Offshore

Senior Legislator Wants US To Get Tough With Offshore Centers - Report

Tom Burroughes Editor London 16 September 2009

Senior Legislator Wants US To Get Tough With Offshore Centers - Report

Determined to keep the pressure up on so-called tax havens, senior US Democrat Senator Carl Levin wants the US government to put forward tough sanctions at this month’s Group of 20 summit against banks and nations which are sheltering tax dodgers, according to Dow Jones.

Mr Levin, a senator for Michigan, said in a letter to President Barack Obama that the US should seek G20 approval of sanctions for tax havens, including prohibiting G20 banks from doing business with financial institutions that are found to be impeding tax enforcement.

The approach is similar to an anti-money-laundering sanction already in place in the US.

Politicians such as Mr Levin have sought to put the fight against international offshore centres high up the policy agenda since the eruption of the credit crisis about two years ago.
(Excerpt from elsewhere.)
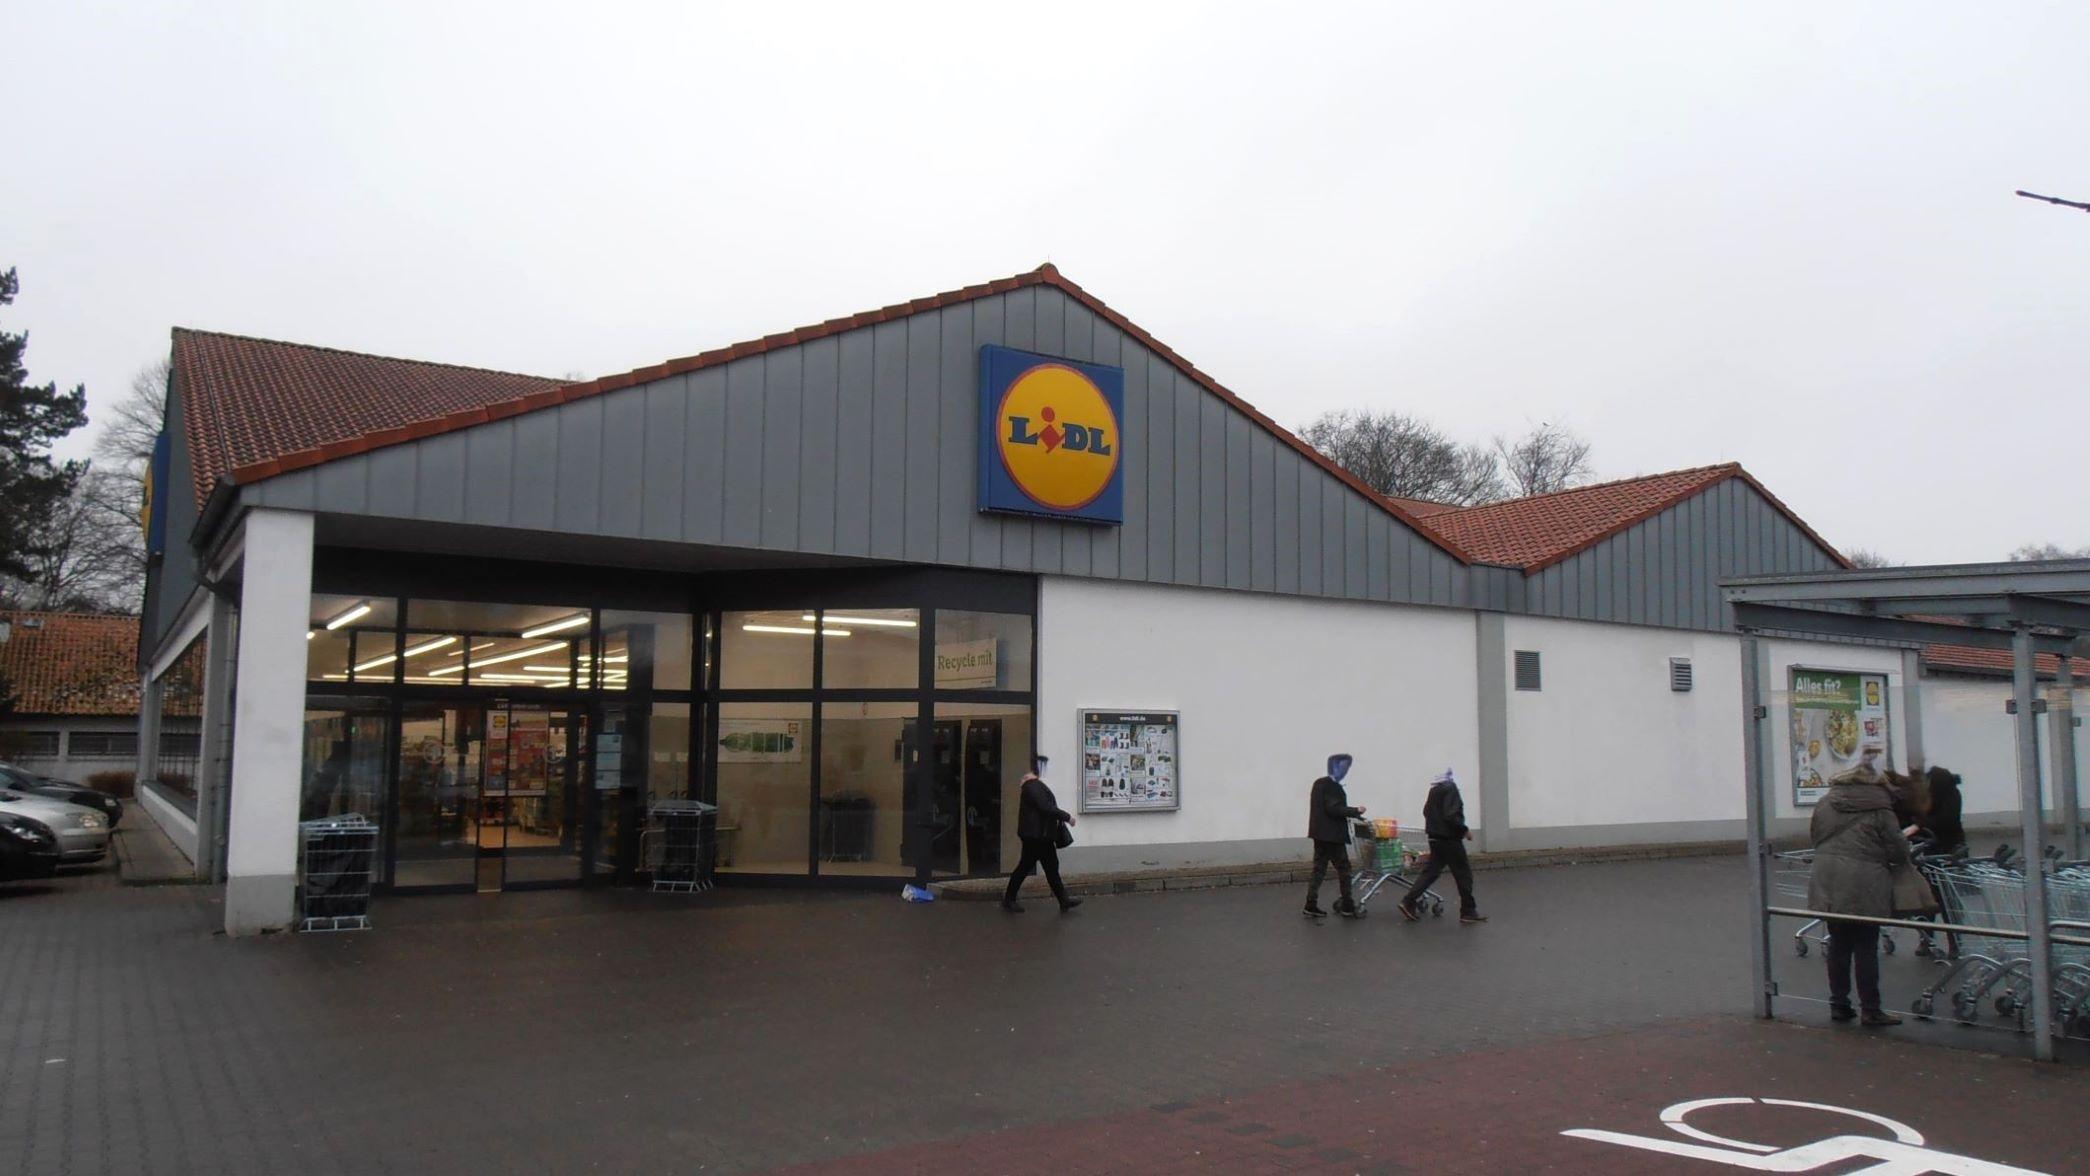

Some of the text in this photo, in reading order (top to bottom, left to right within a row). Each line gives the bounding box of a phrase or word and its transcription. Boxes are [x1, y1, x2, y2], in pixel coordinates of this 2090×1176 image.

However, in their defence, centres such as Switzerland, The Cayman Islands and elsewhere have argued they are being unfairly blamed for financial problems in large nations.
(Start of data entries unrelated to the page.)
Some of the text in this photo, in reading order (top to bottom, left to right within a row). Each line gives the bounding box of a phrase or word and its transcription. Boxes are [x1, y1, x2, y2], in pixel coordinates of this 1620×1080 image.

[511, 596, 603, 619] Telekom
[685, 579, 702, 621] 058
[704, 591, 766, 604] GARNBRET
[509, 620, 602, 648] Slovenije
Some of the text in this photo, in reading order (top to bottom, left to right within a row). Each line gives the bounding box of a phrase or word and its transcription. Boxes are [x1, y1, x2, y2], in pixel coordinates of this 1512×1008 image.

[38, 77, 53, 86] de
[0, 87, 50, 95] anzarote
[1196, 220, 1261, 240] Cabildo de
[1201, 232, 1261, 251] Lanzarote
In Mr Levin’s letter, he is reported to have written: "If ... a tax haven bank refused, for example, to cooperate with requests about U.S. clients using the bank to hide assets and evade tax obligations, the United States could prohibit U.S. financial institutions from doing business with that bank, until it provided the requested information.”

The G20 summit will be held on 24 – 25 September in Pittsburgh.